Task directions: Each of the following records is to be output exactly.

[[ Records for this exercise, beginning ]]

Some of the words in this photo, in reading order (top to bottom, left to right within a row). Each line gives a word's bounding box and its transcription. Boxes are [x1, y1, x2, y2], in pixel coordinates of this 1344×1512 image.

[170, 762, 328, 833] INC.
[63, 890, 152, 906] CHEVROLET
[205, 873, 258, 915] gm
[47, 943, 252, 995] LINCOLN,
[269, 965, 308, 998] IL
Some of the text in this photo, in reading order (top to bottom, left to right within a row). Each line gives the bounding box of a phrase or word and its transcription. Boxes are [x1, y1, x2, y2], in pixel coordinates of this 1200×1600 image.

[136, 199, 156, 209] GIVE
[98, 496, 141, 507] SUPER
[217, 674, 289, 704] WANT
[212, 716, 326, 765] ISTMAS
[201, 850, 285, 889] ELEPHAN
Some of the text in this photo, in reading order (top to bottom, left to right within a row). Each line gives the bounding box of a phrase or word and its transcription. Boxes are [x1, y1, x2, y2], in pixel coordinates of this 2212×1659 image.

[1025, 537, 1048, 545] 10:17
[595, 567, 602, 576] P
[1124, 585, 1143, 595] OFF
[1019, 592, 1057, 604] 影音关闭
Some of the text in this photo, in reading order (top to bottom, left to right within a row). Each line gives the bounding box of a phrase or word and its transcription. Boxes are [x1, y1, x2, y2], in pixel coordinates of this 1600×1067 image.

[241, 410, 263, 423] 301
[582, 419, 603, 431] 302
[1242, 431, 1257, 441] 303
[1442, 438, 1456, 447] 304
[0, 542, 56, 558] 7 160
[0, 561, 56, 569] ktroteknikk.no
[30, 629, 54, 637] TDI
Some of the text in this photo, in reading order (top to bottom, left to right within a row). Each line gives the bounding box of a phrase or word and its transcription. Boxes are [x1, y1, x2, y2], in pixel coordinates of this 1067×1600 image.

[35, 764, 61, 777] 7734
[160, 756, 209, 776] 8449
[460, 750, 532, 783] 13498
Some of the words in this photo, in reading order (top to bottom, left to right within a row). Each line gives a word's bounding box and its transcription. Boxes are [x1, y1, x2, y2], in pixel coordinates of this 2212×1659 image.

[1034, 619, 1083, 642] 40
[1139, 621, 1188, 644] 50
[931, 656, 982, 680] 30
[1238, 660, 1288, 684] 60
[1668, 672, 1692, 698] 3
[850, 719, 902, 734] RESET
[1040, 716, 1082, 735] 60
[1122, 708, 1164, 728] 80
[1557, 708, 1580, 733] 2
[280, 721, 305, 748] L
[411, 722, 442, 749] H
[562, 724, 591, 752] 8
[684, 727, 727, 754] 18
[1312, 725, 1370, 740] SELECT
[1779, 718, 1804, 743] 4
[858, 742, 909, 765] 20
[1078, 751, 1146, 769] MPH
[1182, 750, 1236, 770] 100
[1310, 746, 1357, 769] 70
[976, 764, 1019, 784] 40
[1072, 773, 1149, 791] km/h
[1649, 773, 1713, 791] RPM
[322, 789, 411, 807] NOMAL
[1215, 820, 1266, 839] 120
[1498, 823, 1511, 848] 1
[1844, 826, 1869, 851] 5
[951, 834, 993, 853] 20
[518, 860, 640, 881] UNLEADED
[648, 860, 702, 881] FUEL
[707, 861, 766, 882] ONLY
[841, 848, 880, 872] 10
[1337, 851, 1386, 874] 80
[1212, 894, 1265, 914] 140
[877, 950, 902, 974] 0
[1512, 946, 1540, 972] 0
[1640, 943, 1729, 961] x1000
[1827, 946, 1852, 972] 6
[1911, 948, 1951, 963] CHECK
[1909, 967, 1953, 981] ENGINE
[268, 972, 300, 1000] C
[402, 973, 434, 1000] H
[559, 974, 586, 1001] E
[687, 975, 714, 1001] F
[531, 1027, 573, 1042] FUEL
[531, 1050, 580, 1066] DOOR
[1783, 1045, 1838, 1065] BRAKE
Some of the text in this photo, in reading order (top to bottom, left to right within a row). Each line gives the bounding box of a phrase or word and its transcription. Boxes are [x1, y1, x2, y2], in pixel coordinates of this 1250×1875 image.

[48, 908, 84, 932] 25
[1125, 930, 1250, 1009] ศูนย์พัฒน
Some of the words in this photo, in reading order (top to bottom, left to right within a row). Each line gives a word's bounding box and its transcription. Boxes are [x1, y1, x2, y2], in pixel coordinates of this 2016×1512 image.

[[ Records for this exercise, end ]]

Response to the exercise:
Some of the words in this photo, in reading order (top to bottom, left to right within a row). Each line gives a word's bounding box and its transcription. Boxes are [x1, y1, x2, y2], in pixel coordinates of this 1344×1512 image.

[170, 762, 328, 833] INC.
[63, 890, 152, 906] CHEVROLET
[205, 873, 258, 915] gm
[47, 943, 252, 995] LINCOLN,
[269, 965, 308, 998] IL
Some of the text in this photo, in reading order (top to bottom, left to right within a row). Each line gives the bounding box of a phrase or word and its transcription. Boxes are [x1, y1, x2, y2], in pixel coordinates of this 1200×1600 image.

[136, 199, 156, 209] GIVE
[98, 496, 141, 507] SUPER
[217, 674, 289, 704] WANT
[212, 716, 326, 765] ISTMAS
[201, 850, 285, 889] ELEPHAN
Some of the text in this photo, in reading order (top to bottom, left to right within a row). Each line gives the bounding box of a phrase or word and its transcription. Boxes are [x1, y1, x2, y2], in pixel coordinates of this 2212×1659 image.

[1025, 537, 1048, 545] 10:17
[595, 567, 602, 576] P
[1124, 585, 1143, 595] OFF
[1019, 592, 1057, 604] 影音关闭
Some of the text in this photo, in reading order (top to bottom, left to right within a row). Each line gives the bounding box of a phrase or word and its transcription. Boxes are [x1, y1, x2, y2], in pixel coordinates of this 1600×1067 image.

[241, 410, 263, 423] 301
[582, 419, 603, 431] 302
[1242, 431, 1257, 441] 303
[1442, 438, 1456, 447] 304
[0, 542, 56, 558] 7 160
[0, 561, 56, 569] ktroteknikk.no
[30, 629, 54, 637] TDI
Some of the text in this photo, in reading order (top to bottom, left to right within a row). Each line gives the bounding box of a phrase or word and its transcription. Boxes are [x1, y1, x2, y2], in pixel coordinates of this 1067×1600 image.

[35, 764, 61, 777] 7734
[160, 756, 209, 776] 8449
[460, 750, 532, 783] 13498
Some of the words in this photo, in reading order (top to bottom, left to right within a row). Each line gives a word's bounding box and its transcription. Boxes are [x1, y1, x2, y2], in pixel coordinates of this 2212×1659 image.

[1034, 619, 1083, 642] 40
[1139, 621, 1188, 644] 50
[931, 656, 982, 680] 30
[1238, 660, 1288, 684] 60
[1668, 672, 1692, 698] 3
[850, 719, 902, 734] RESET
[1040, 716, 1082, 735] 60
[1122, 708, 1164, 728] 80
[1557, 708, 1580, 733] 2
[280, 721, 305, 748] L
[411, 722, 442, 749] H
[562, 724, 591, 752] 8
[684, 727, 727, 754] 18
[1312, 725, 1370, 740] SELECT
[1779, 718, 1804, 743] 4
[858, 742, 909, 765] 20
[1078, 751, 1146, 769] MPH
[1182, 750, 1236, 770] 100
[1310, 746, 1357, 769] 70
[976, 764, 1019, 784] 40
[1072, 773, 1149, 791] km/h
[1649, 773, 1713, 791] RPM
[322, 789, 411, 807] NOMAL
[1215, 820, 1266, 839] 120
[1498, 823, 1511, 848] 1
[1844, 826, 1869, 851] 5
[951, 834, 993, 853] 20
[518, 860, 640, 881] UNLEADED
[648, 860, 702, 881] FUEL
[707, 861, 766, 882] ONLY
[841, 848, 880, 872] 10
[1337, 851, 1386, 874] 80
[1212, 894, 1265, 914] 140
[877, 950, 902, 974] 0
[1512, 946, 1540, 972] 0
[1640, 943, 1729, 961] x1000
[1827, 946, 1852, 972] 6
[1911, 948, 1951, 963] CHECK
[1909, 967, 1953, 981] ENGINE
[268, 972, 300, 1000] C
[402, 973, 434, 1000] H
[559, 974, 586, 1001] E
[687, 975, 714, 1001] F
[531, 1027, 573, 1042] FUEL
[531, 1050, 580, 1066] DOOR
[1783, 1045, 1838, 1065] BRAKE
Some of the text in this photo, in reading order (top to bottom, left to right within a row). Each line gives the bounding box of a phrase or word and its transcription. Boxes are [x1, y1, x2, y2], in pixel coordinates of this 1250×1875 image.

[48, 908, 84, 932] 25
[1125, 930, 1250, 1009] ศูนย์พัฒน
Some of the words in this photo, in reading order (top to bottom, left to right within a row). Each line gives a word's bounding box and its transcription. Boxes are [x1, y1, x2, y2], in pixel coordinates of this 2016×1512 image.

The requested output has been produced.